Well, the ICU nurse nailed it. No, it was not your fault. As new as you are how should you have known what to do and when to do it? You're psychic, maybe?

You ran and got the the physician. You did good.

Specializes in IM/Critical Care/Cardiology.

I'm impressed that inspite of you letting other "team members" know of these changes, YOU LISTENED to the patient and went with your gut! Good Job and I'm sure ACLS will be a confidence builder for you. Good job!:balloons:

I hope you didn't give up nursing or if you moved that you moved to a different facet of nursing like in a rest home where the acuity isn't so stressful. thanks - I learned from your post.

Specializes in All ICU, TBI, trauma, etc..

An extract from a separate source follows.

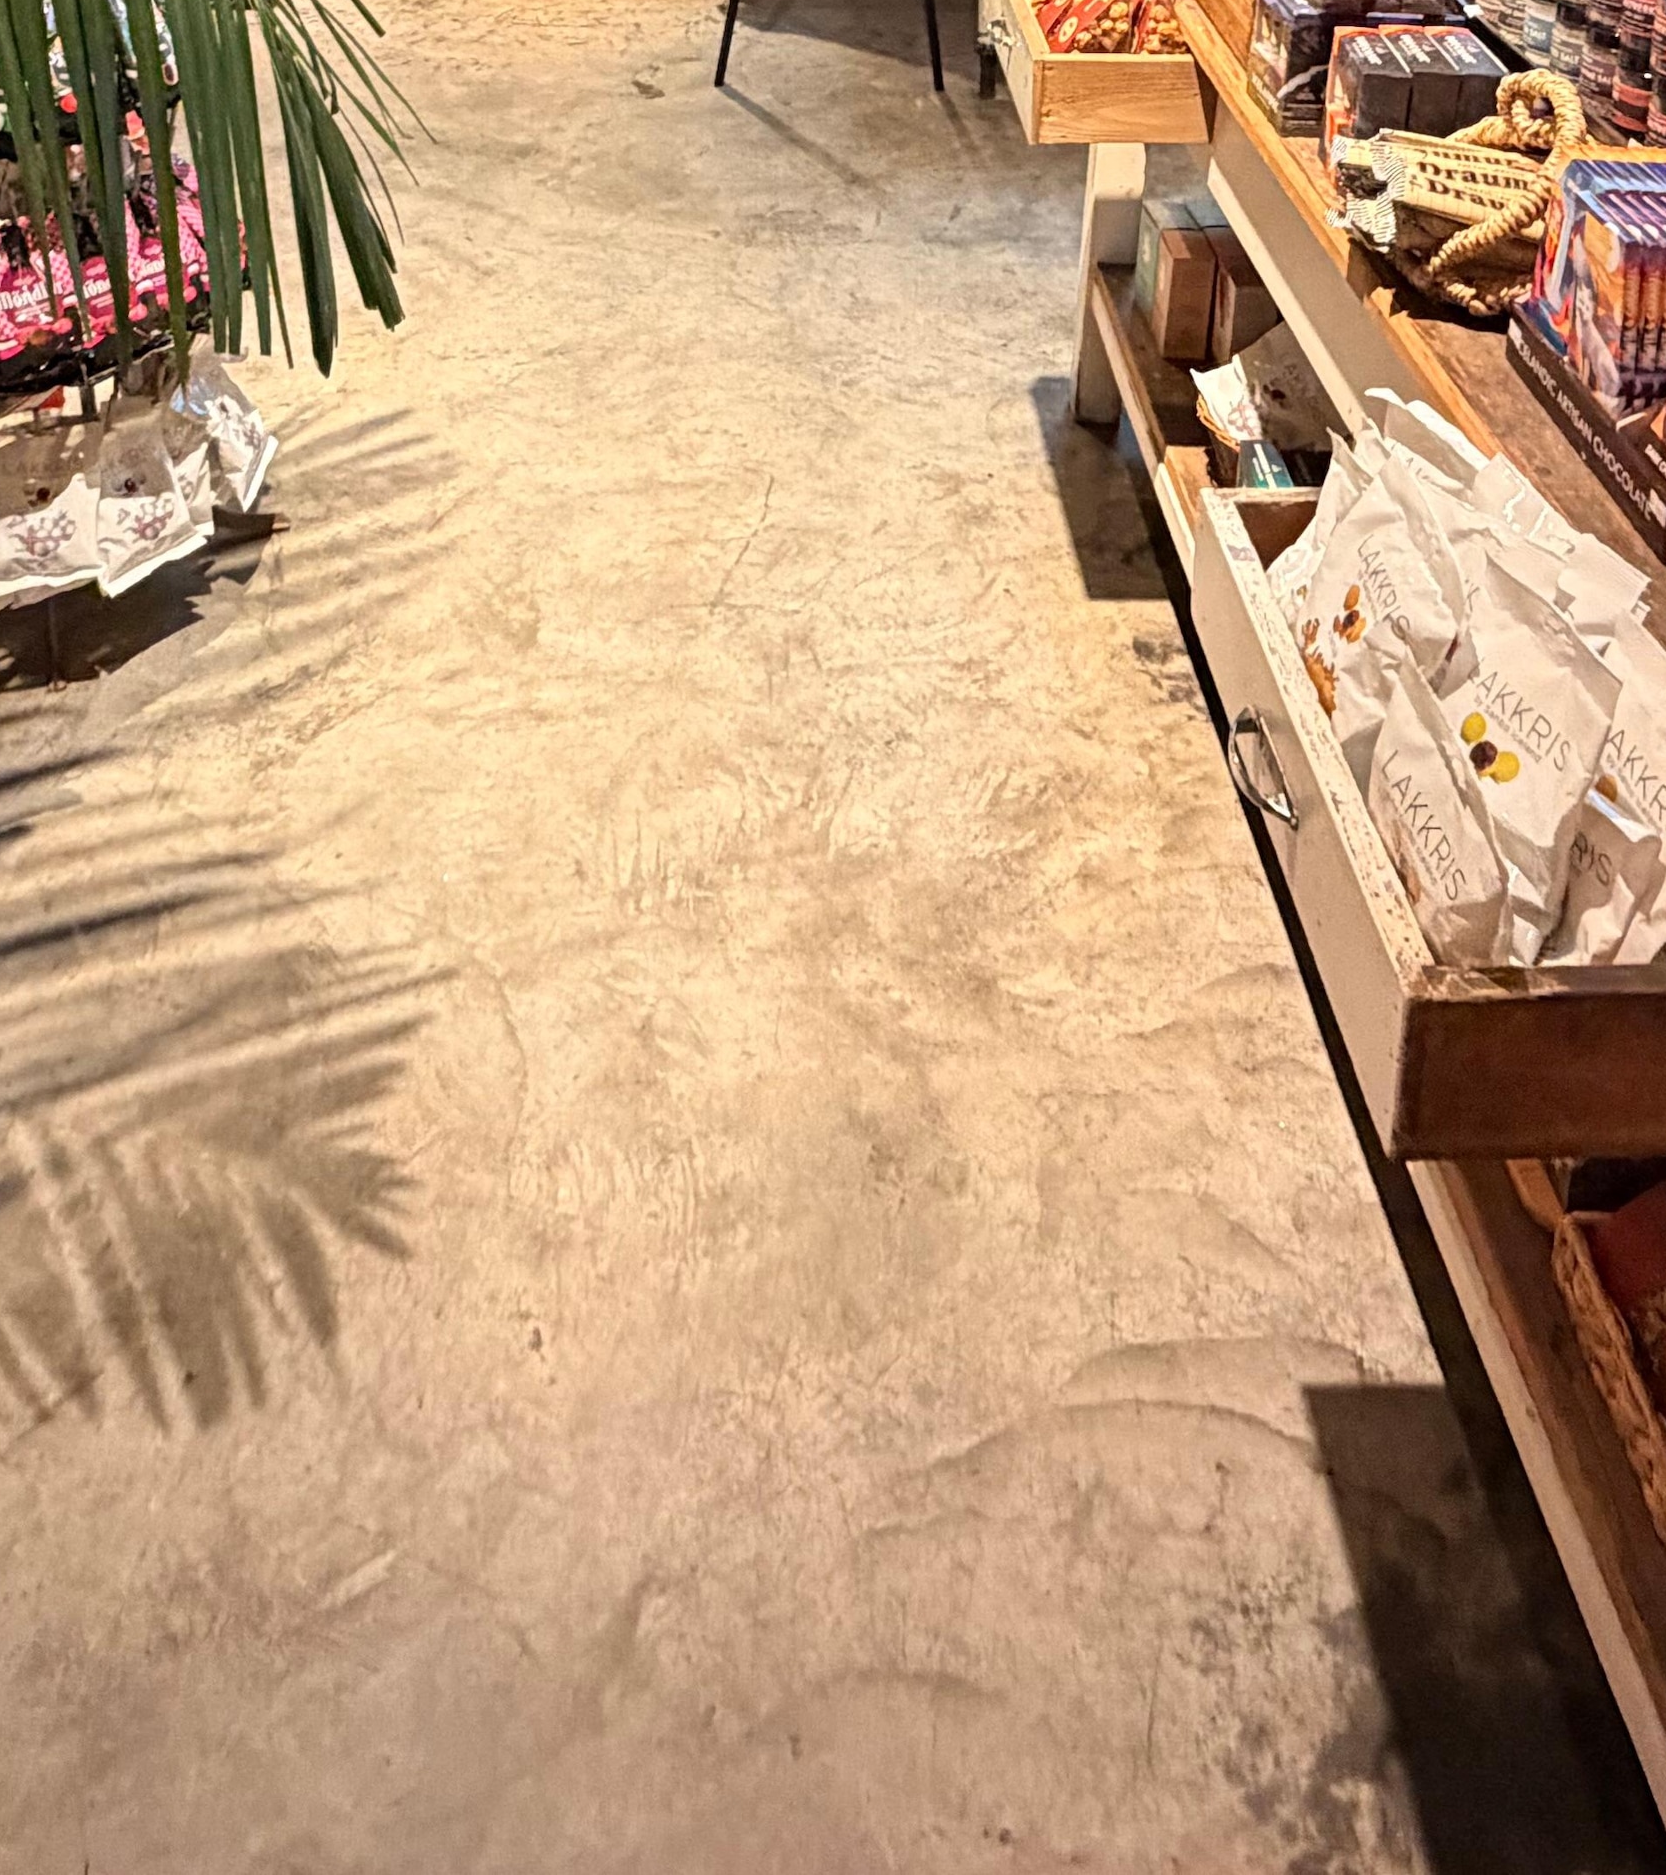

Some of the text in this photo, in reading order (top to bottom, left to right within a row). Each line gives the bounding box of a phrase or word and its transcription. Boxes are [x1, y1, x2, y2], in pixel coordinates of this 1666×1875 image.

If your charge nurse was informed she/he should have stepped in, that is part of their job. I never back off calling a doctor and put it squarely on them. Call until you get someone in the chain and if you have to, get the nurse supervisor. It is tough at times with the pt loads and until you get the flow of things. Yes, ACLS is very important and get to all the codes you can as they help you see in a crisis the ebb and flow.